La mission secrète des États-Unis pour renforcer les cyberdéfenses de l'Ukraine avant l'invasion de la Russie.L'année dernière, des soldats et des experts américains se sont déployés dans tout le pays pour contrecarrer une cyberattaque russe attendue.
Quelques mois avant l'invasion russe, une équipe d'Américains s'est déployée en Ukraine à la recherche d'un type de menace très spécifique.
Certains étaient des soldats du Cyber Command de l'armée américaine. D'autres étaient des contractants civils et certains employés de sociétés américaines qui contribuent à défendre les infrastructures critiques contre le type de cyberattaques que les agences russes infligent à l'Ukraine depuis des années.
Les États-Unis aidaient l'Ukraine à renforcer ses cyberdéfenses depuis des années, depuis qu'une tristement célèbre attaque de 2015 sur son réseau électrique a laissé une partie de Kiev sans électricité pendant des heures.
Mais cet afflux de personnel américain en octobre et novembre était différent : il s'agissait de préparer une guerre imminente. Des personnes familières de l'opération ont décrit une urgence dans la chasse aux logiciels malveillants cachés, le genre que la Russie aurait pu planter, puis laisser en sommeil en vue de lancer une cyberattaque dévastatrice parallèlement à une invasion terrestre plus conventionnelle.
Les experts préviennent que la Russie pourrait encore déclencher une attaque en ligne dévastatrice contre l'infrastructure ukrainienne, du type de celle que les responsables occidentaux attendent depuis longtemps. Mais des années de travail, associées à un renforcement ciblé au cours des deux derniers mois, peuvent expliquer pourquoi les réseaux ukrainiens ont résisté jusqu'à présent.
Les responsables ukrainiens et américains prennent soin de décrire le travail des "équipes de cybermission" comme étant défensif, comparé aux milliards de dollars d'armes mortelles qui ont afflué en Ukraine pour combattre et tuer les soldats russes.
Les attaques russes ont été étouffées parce que "le gouvernement ukrainien a pris des mesures appropriées pour contrer et protéger nos réseaux", a déclaré Victor Zhora, un haut responsable du gouvernement ukrainien.
Dans les chemins de fer ukrainiens, l'équipe de soldats et de civils américains a découvert et nettoyé un type de logiciel malveillant particulièrement pernicieux, que les experts en cybersécurité surnomment "wiperware" - désactivant des réseaux informatiques entiers simplement en supprimant des fichiers cruciaux sur commande.
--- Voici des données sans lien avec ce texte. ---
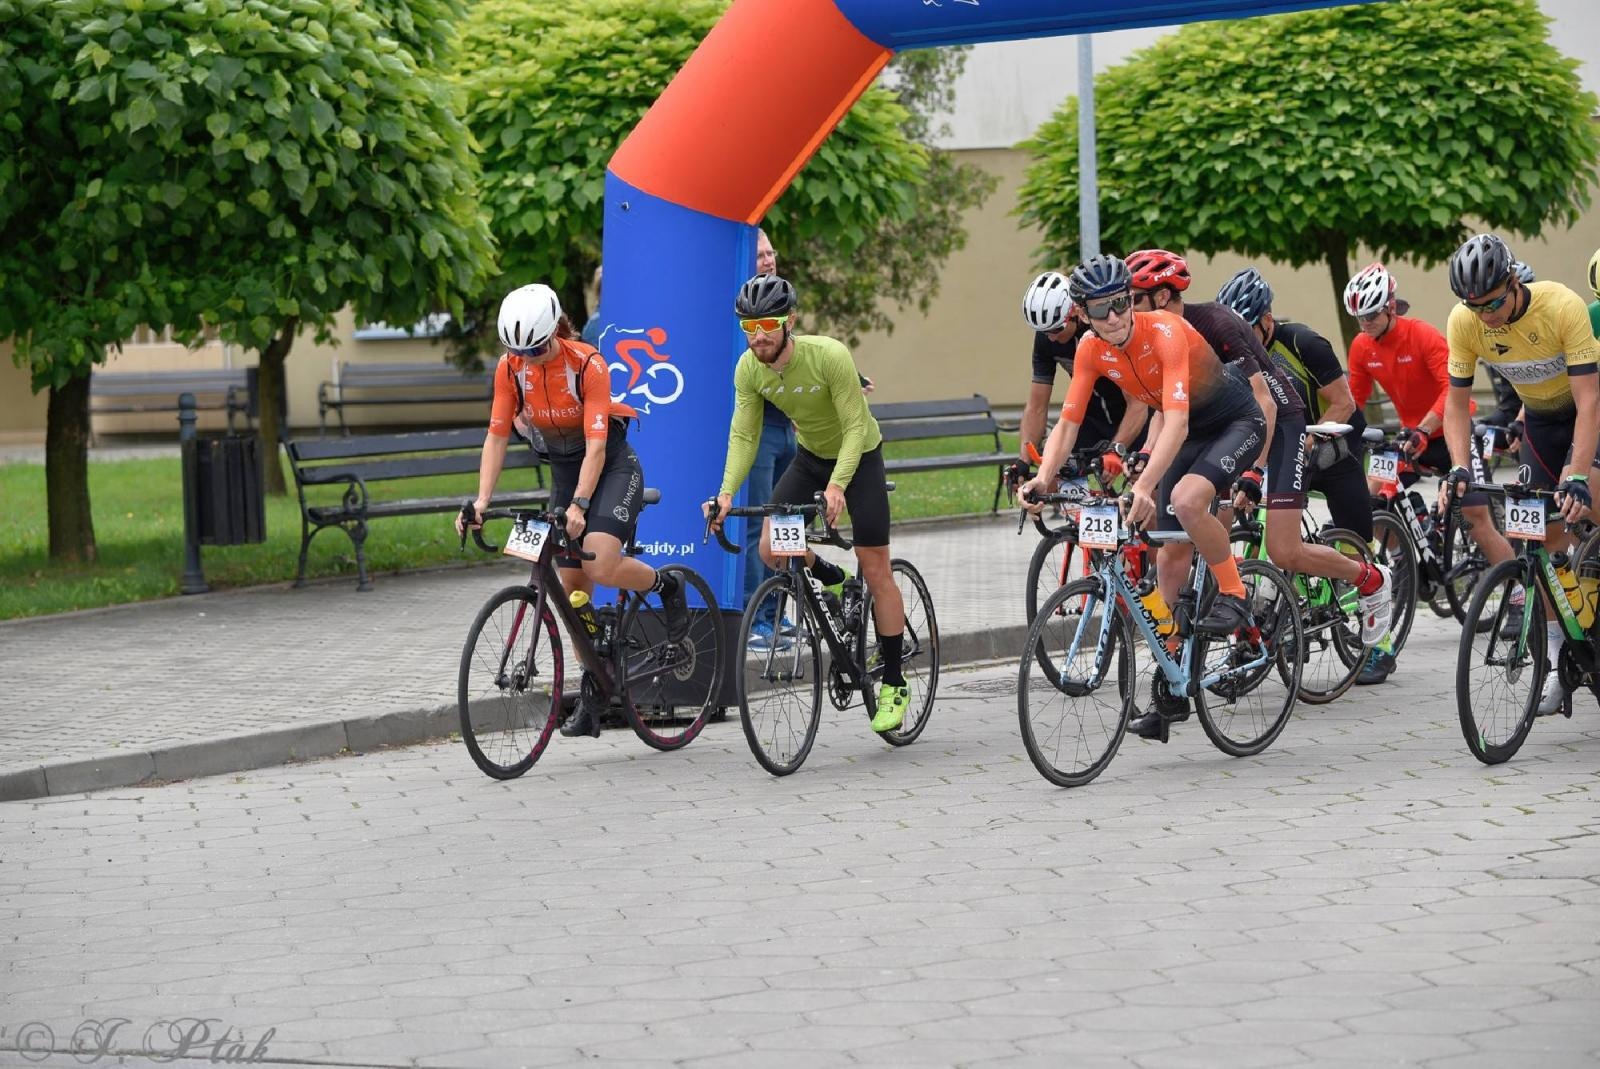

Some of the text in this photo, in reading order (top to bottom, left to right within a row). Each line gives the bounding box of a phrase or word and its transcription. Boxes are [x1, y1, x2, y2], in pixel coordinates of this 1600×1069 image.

Au cours des dix premiers jours de l'invasion russe, près d'un million de civils ukrainiens ont pu se mettre en sécurité grâce au réseau ferroviaire. Si le logiciel malveillant n'avait pas été découvert et avait été déclenché, "cela aurait pu être catastrophique", a déclaré un responsable ukrainien connaissant bien la question.
Un logiciel malveillant similaire n'a pas été détecté au sein de la police des frontières et, la semaine dernière, alors que des centaines de milliers de femmes et d'enfants ukrainiens tentaient de quitter le pays, les ordinateurs du point de passage vers la Roumanie ont été désactivés, ajoutant au chaos, selon des personnes au fait de la question.
Avec un budget beaucoup plus modeste - environ 60 millions de dollars - ces équipes ont également dû préparer le terrain avec des groupes privés qui fournissent l'épine dorsale de la plupart des infrastructures que les pirates russes, affiliés ou non à des gouvernements, étaient censés attaquer.
Le dernier week-end de février, la police nationale ukrainienne, ainsi que d'autres services gouvernementaux ukrainiens, ont été confrontés à une attaque massive de "dénis de service distribués" (DDoS), des attaques relativement simples qui mettent hors service des réseaux en les inondant de demandes de petites quantités de données provenant d'un grand nombre d'ordinateurs.
En quelques heures, les Américains ont contacté Fortinet, un groupe californien de cybersécurité qui vend une "machine virtuelle" conçue pour contrer ce type d'attaque.
Le financement a été approuvé en quelques heures et le ministère américain du commerce a donné son accord en 15 minutes. Dans les huit heures qui ont suivi la demande, une équipe d'ingénieurs a installé le logiciel de Fortinet sur les serveurs de la police ukrainienne pour repousser l'assaut, a déclaré une personne au courant de cette opération rapide.
Le fait que ces attaques ciblent souvent des logiciels disponibles dans le commerce - essentiellement des fabricants occidentaux - a obligé les grandes entreprises américaines et européennes à consacrer des ressources à la défense des réseaux ukrainiens.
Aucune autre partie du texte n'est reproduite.